The flaw, which is referred to as Heartbleed, was introduced into the code upstream in December 2011. when exploited, it leaks the contents of memory from server to client and vice versa.
The OpenBSD project is in no way responsible for OpenSSL; however, like many other operating systems it does include the software library in its own distribution.
However, it has taken on the task of cleaning up the code, first for use in its own distribution and later, if possible, by others. The project has a reputation for being extra-careful about security and many websites that look for that extra layer of protection run on OpenBSD.

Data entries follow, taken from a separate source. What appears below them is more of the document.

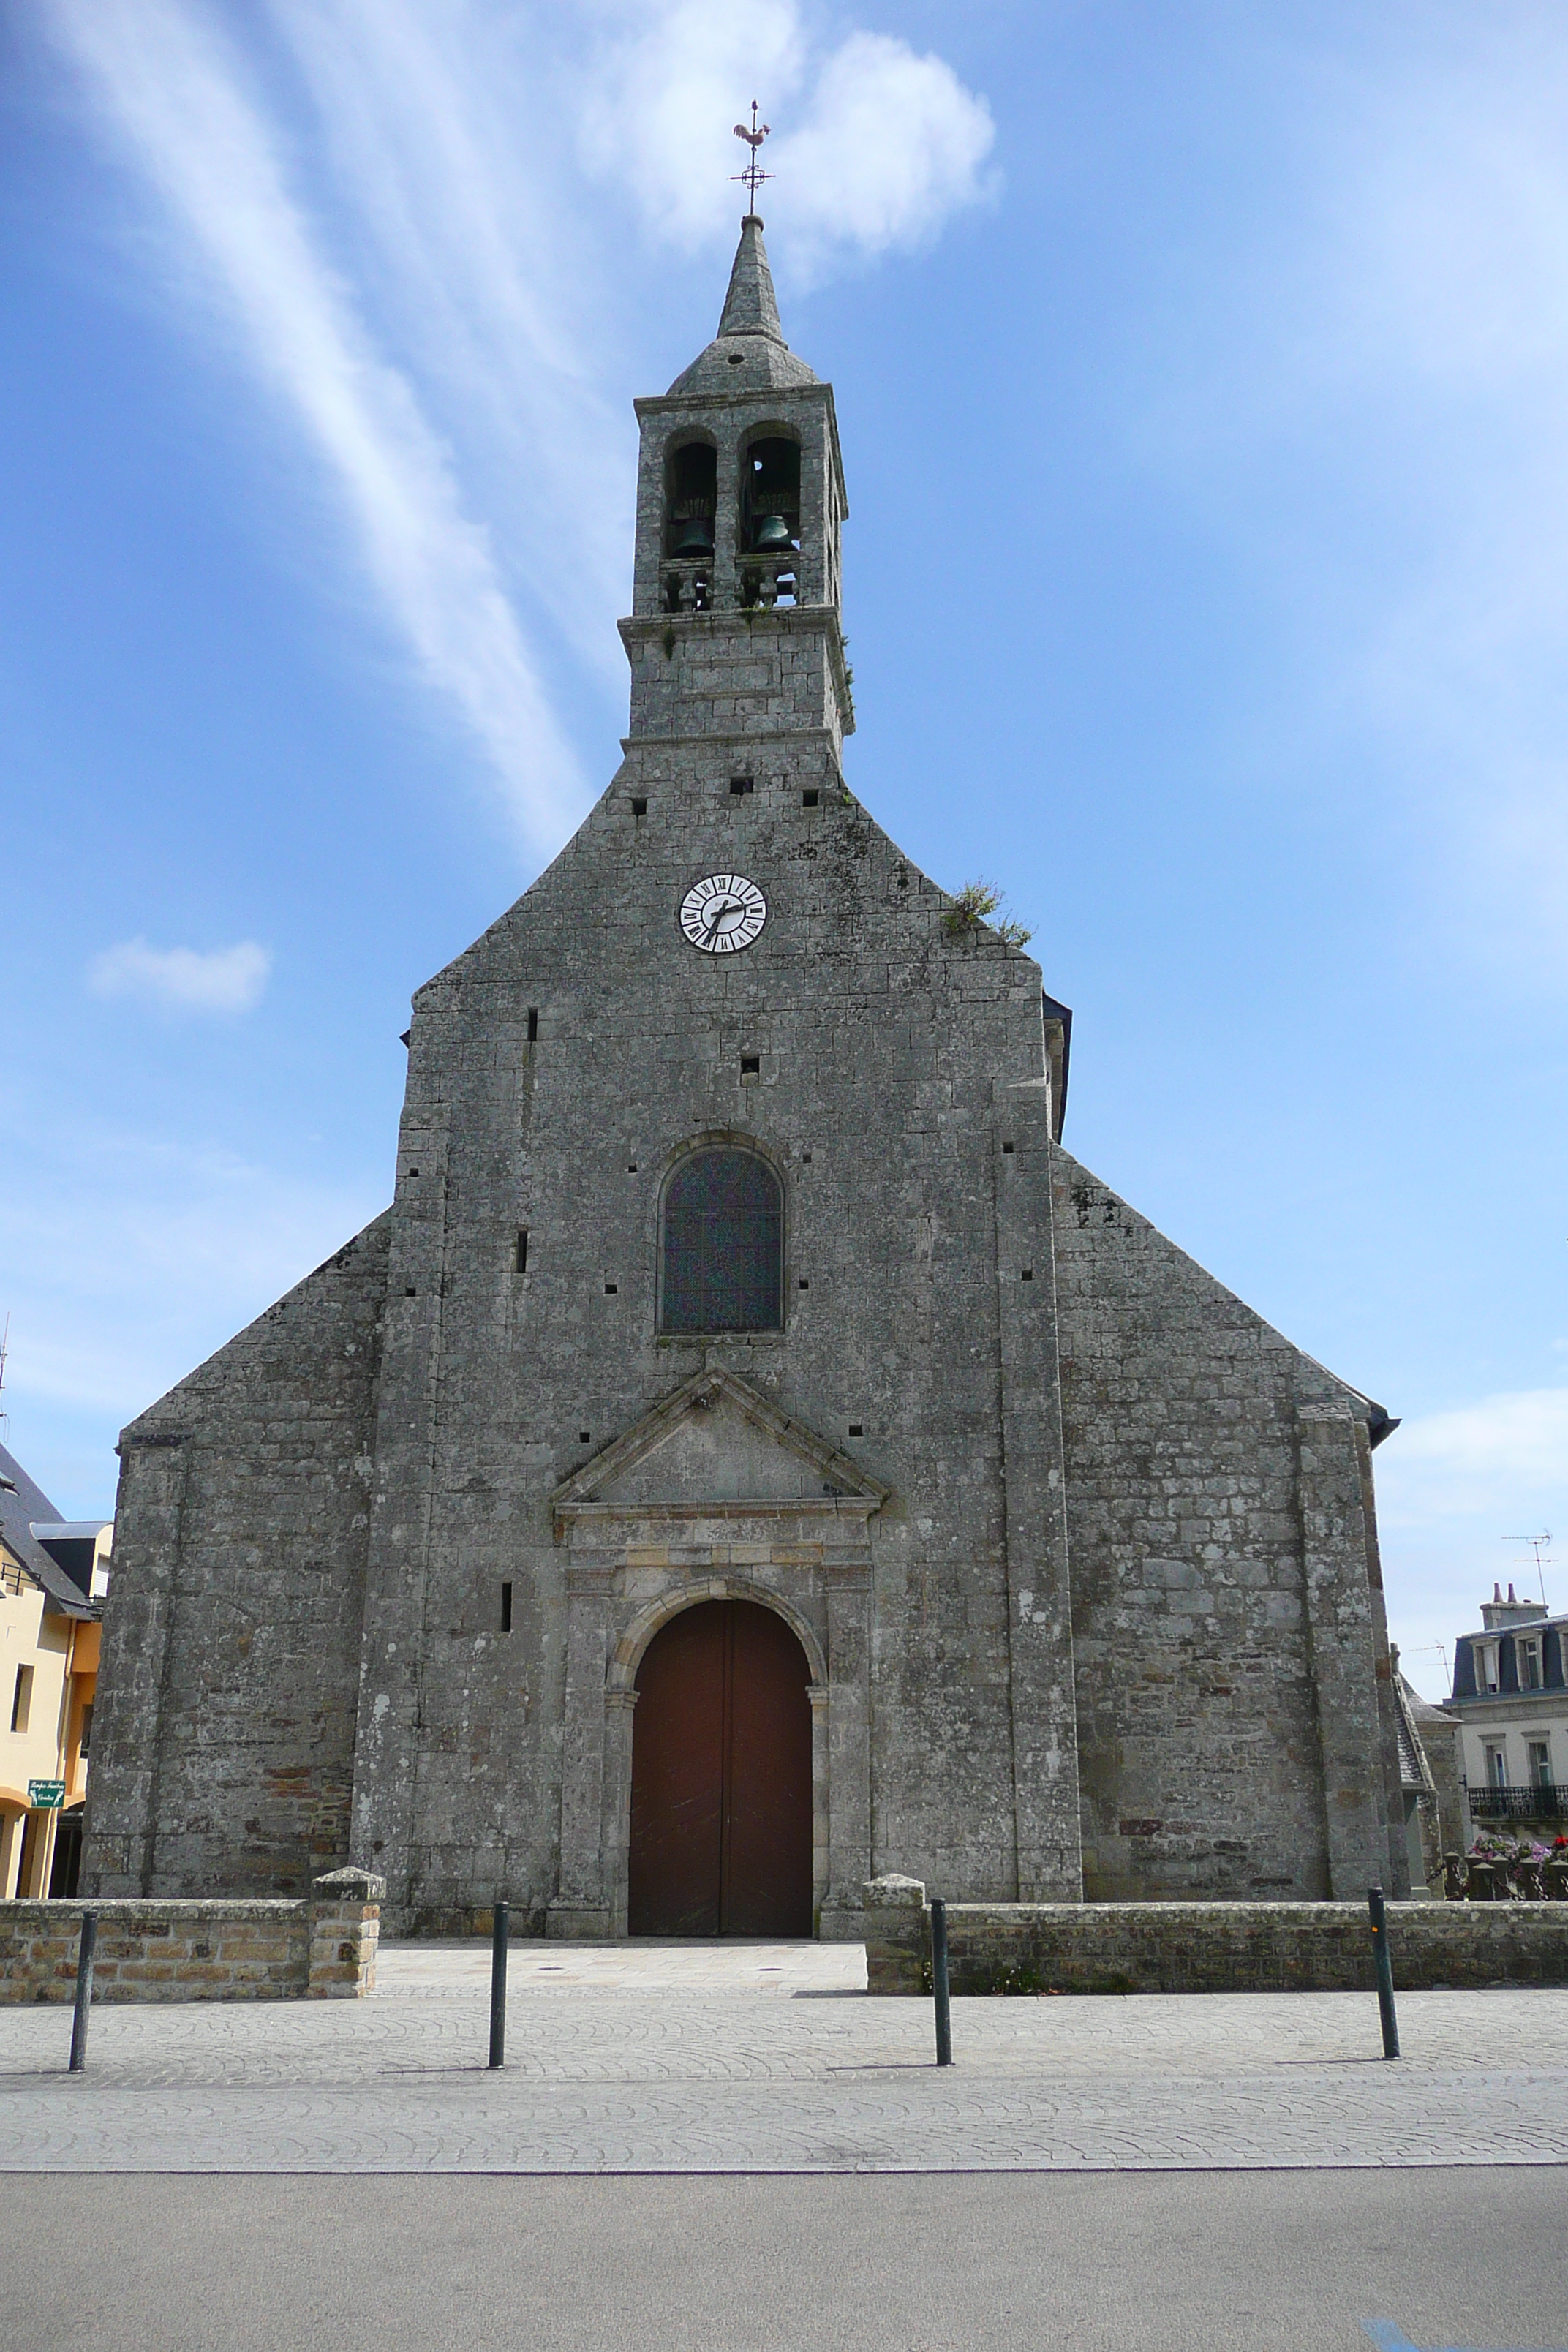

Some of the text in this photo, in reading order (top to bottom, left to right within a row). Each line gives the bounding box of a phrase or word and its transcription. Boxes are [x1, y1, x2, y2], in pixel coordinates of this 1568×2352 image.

[700, 883, 712, 896] XI
[717, 878, 726, 890] XII
[735, 881, 743, 892] I
[687, 896, 701, 906] X
[720, 938, 728, 950] VI
[737, 933, 746, 944] V

splitting up the libcrypto and libssl build directories;
fixing a use-after-free bug;
removal of ancient MacOS, Netware, OS/2, VMS and Windows build junk;
removal of “bugs” directory, benchmarks, INSTALL files, and shared library goo for lame platforms;
removal of most (all?) backend engines, some of which didn’t even have appropriate licensing;
ripping out some windows-specific cruft;
removal of various wrappers for things like sockets, snprintf, opendir, etc. to actually expose real return values:
KNF of most C files (Kernel normal form, or KNF, is the coding style used in the development of code for the BSD operating systems);
removal of weak entropy additions; and
removal of all heartbeat functionality which resulted in Heartbleed.
"We make no promises to anyone else at this point," De Raadt said. "The codebase we are starting from is very bad."
"We are first trying to make this fit for our own purposes, then more generally fit for purpose. Current OpenSSL does not meet that standard by any stretch of the imagination."